こんな時だからこそロールオーバー効果について今一度考えてみる

- by konitter

今では様々な手法の考案とともに、当たり前のように使うようになってきた画像のロールオーバー。今回はこのロールオーバーについて、どのような考えのもとにあるものなのか、どのような手法が最適なのかを今一度考えてみます。

※ここでいう「ロールオーバー効果」(以下、ロールオーバー)とは、リンクなどが設定されクリックできるようになっている部品(画像など)にポインタを乗せたときに、表示が切り替わる事を言います。

ロールオーバーって何のためのもの?

ポインタを載せた対象がクリックできるものであるとユーザーに分かってもらうため?、クライアントにやれって言われるから?、ロールオーバーがあった方がないよりクリックされるから?、付加的なアニメーション?、みなさん色々な考えがあると思います。

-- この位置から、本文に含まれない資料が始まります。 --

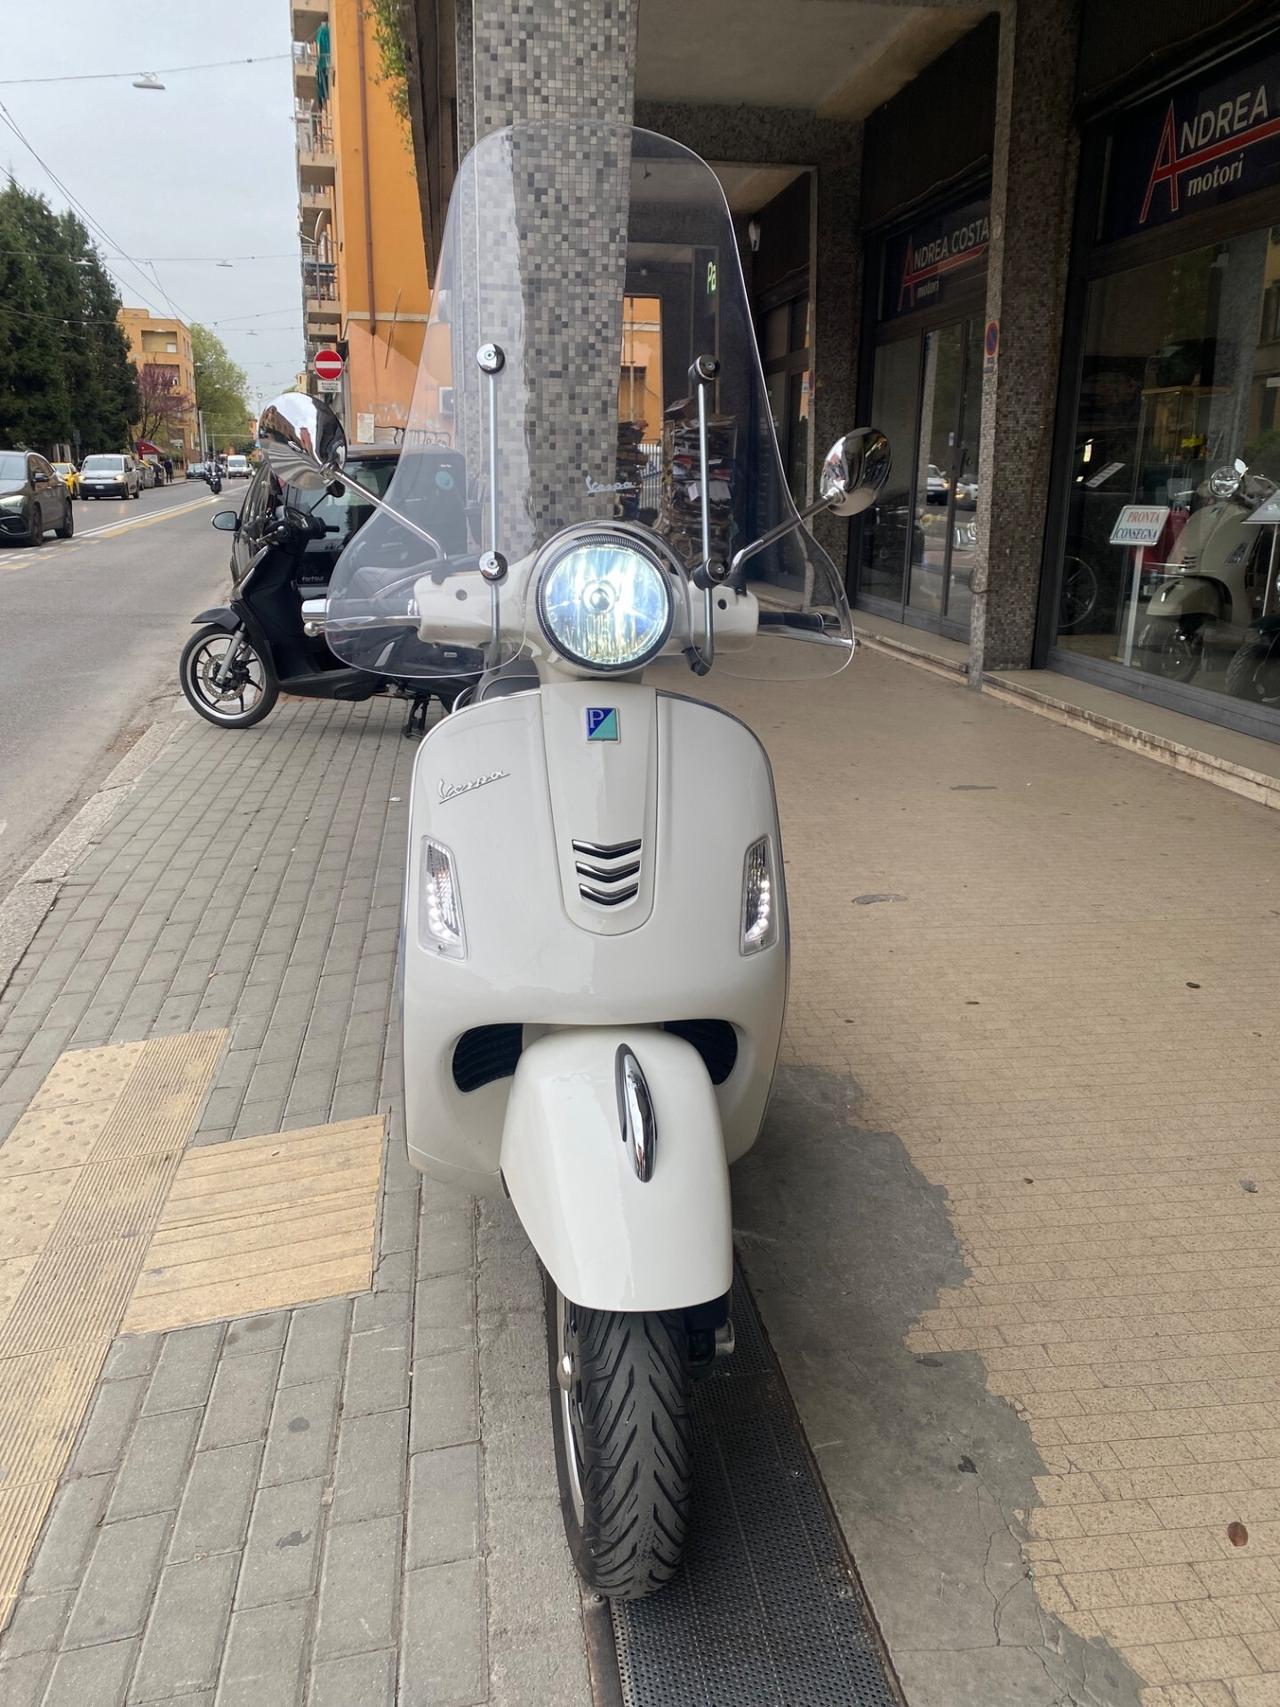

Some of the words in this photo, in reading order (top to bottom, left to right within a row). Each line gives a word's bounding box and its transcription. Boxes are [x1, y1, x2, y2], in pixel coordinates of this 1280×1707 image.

[1138, 84, 1269, 224] ANDREA
[1187, 153, 1245, 198] motori
[898, 234, 949, 311] ANDREA
[951, 217, 990, 253] COSTA
[917, 275, 940, 298] motori
[1127, 511, 1161, 524] PRONTA
[1115, 527, 1158, 540] CONSEGNA
[589, 709, 605, 729] P
[438, 771, 511, 805] Vespa

ぼくはと言うと恥ずかしながら、正直言って深く考えた事は無く、単純にその方が良いだろくらいにしか思ってませんでした。

ある時、果たしてそれらはロールオーバーが必要な理由になりえるのか?、もしかしたらロールオーバーって要らないんじゃないか?という疑問が沸々と湧き出てきて、@vanillateさんがやっているUST番組「vanitalk」に出演した時にそんな事を言うと結構反響があってびっくりしたことが今回のエントリーに繋がっています。

で結局のところ、「機能することがデザイン」というものの観点から言えば、ロールオーバーが有ろうと無かろうと、対象がクリックできると見ただけで分かることがまず大前提なんですよね。

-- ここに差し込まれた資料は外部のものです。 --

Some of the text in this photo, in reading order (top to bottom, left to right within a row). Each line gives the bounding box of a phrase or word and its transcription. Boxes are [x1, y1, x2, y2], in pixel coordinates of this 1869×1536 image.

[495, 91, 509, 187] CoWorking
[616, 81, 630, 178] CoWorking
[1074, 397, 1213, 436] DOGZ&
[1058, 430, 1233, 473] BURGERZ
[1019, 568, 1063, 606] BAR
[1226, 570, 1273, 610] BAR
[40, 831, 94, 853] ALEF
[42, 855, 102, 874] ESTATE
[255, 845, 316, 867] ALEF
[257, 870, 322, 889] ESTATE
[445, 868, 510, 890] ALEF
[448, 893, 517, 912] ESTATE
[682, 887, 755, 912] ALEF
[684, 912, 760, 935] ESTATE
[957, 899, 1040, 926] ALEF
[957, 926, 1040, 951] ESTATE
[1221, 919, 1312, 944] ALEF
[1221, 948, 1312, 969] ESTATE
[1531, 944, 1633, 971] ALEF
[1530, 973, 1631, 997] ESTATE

つまり、ポインタを乗せてみないとクリックできるかどうか分からない、というデザインがあったとしたら、それをロールオーバーで機能を補完するのではなく、デザイン自体を見直す必要があるわけです。

今のところ個人的には、ロールオーバーとはクリックできると分かるデザインが担保された上でのプラスアルファのエフェクトであると考えています。

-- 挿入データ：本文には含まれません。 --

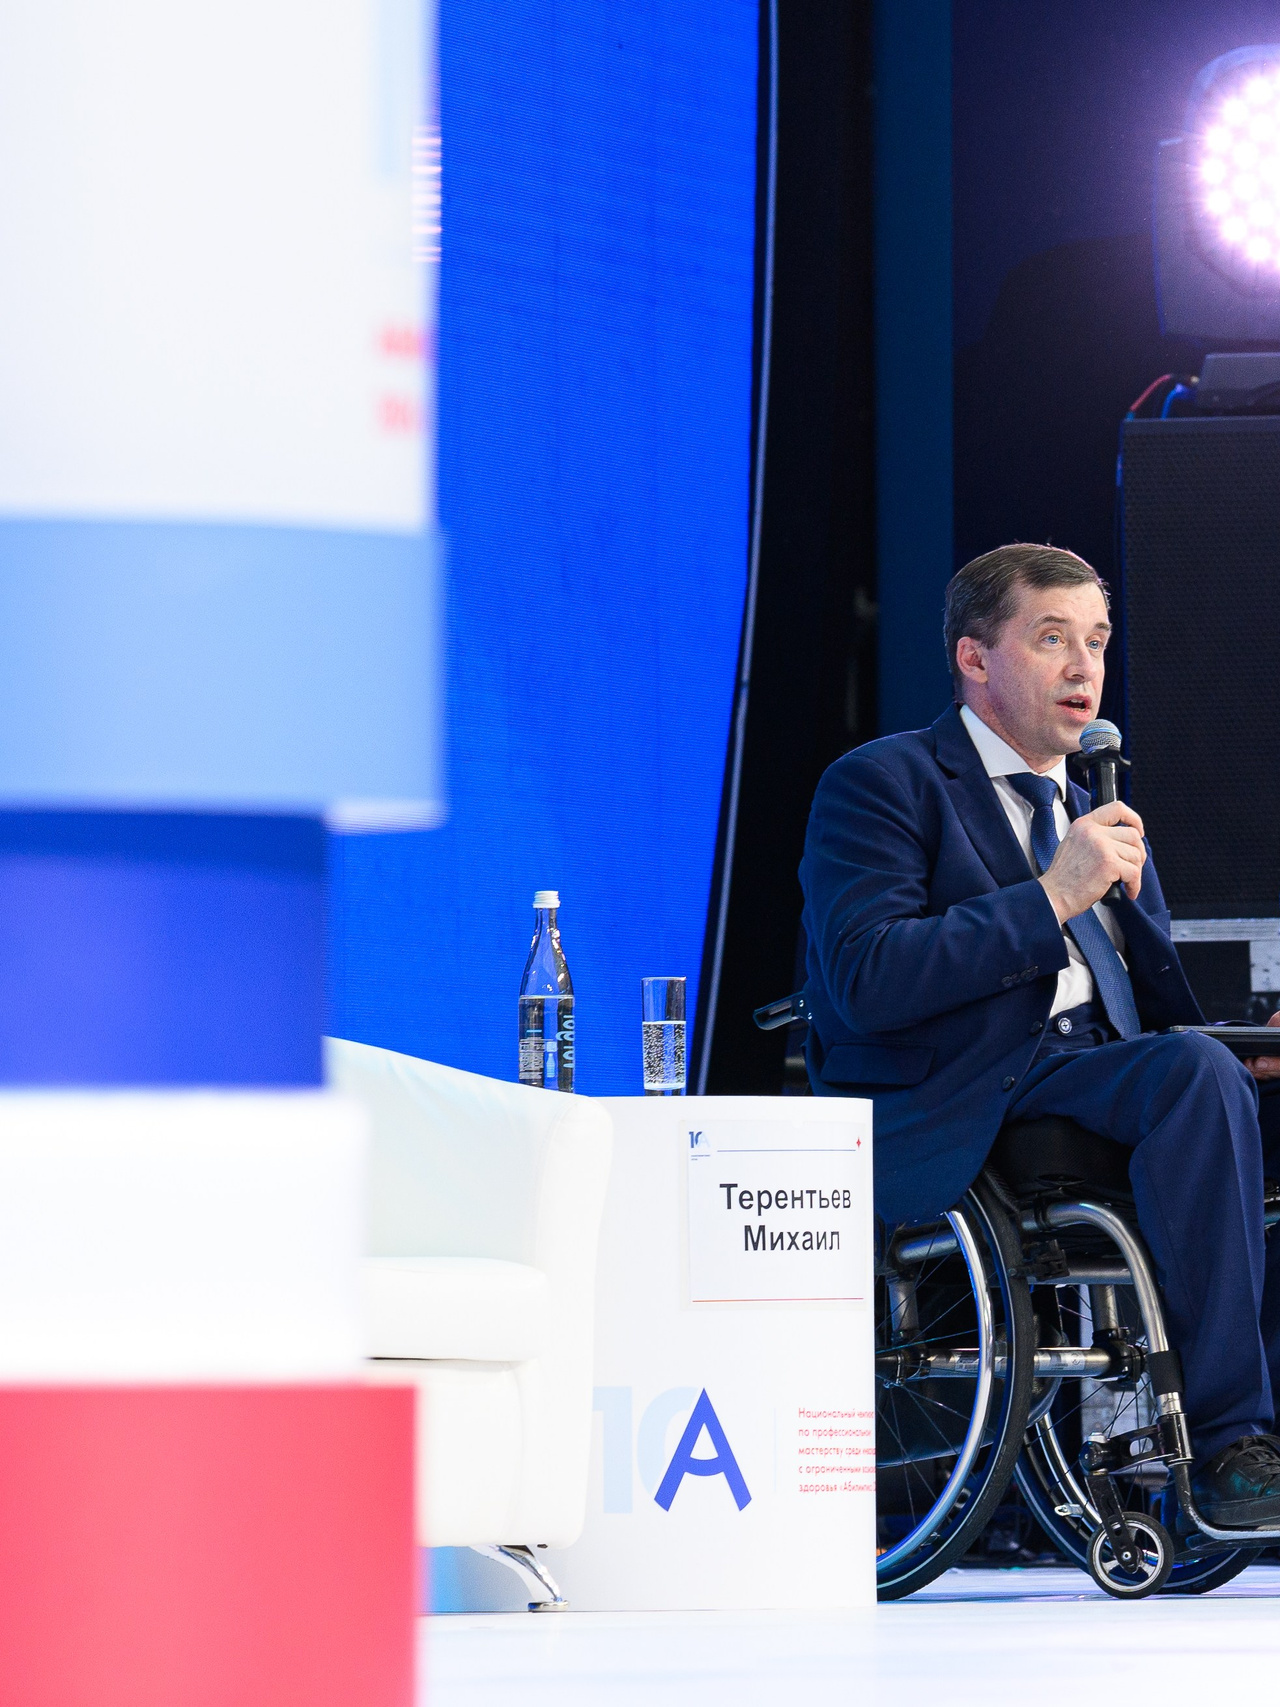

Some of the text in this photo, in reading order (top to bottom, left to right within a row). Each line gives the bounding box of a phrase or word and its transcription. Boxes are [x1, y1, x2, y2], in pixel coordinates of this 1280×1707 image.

[719, 1183, 852, 1216] Терентьев
[744, 1225, 841, 1252] Михаил
[798, 1429, 810, 1437] по
[798, 1447, 843, 1458] мастерству
[798, 1466, 803, 1474] с
[799, 1484, 838, 1495] здоровья

じゃあロールオーバーは要るのか要らないのか。要は使い分けなんだと思います。

ポインタを乗せる前と乗せた後で対象が与える情報(画像内のテキストなど)を変える必要があれば、当然ロールオーバーは必要だし、前後で情報は変わらない、ただ背景などの色を変える・全体の色を少し薄くする程度であれば、必要ないし、どうしても欲しいなら、カーソルを指マークにするだけで本来は十分なはずなのです。

ロールオーバーをやるなら実装の最適な手段は?

絶対CSSでやる、いやJavaScriptでやる、いやいやケースバイケースで使い分ける、などこれも人それぞれで、「絶対にこの方法でやるべき」というものはありません。

ただ、前述したようにロールオーバーがプラスアルファのエフェクトだと考えるならば、JavaScriptで実装する、ということになるでしょう。

なぜなら、ロールオーバーでは、ポインタを乗せた時にエフェクトを加える、つまり「動作」を制御することになるので、それはスタイルを制御するCSSが担うことではなく、JavaScriptがやることだと思うからです。

とは言いつつも、CSS3の登場でこの考えはもう破綻しているわけで、正直この部分については明確な答えが出せていません。

まあ考え方・実装方法ともに正解の無い話ではあるのですが、みなさんはどのように考えていますか?この記事が何かを考えるきっかけになってくれれば嬉しいです。

さいごに。

遅くなりましたが、このたびの東北地方太平洋沖地震により被害を受けられた皆様には、心よりお見舞い申し上げます。被災地の1日も早い復興をお祈りいたします。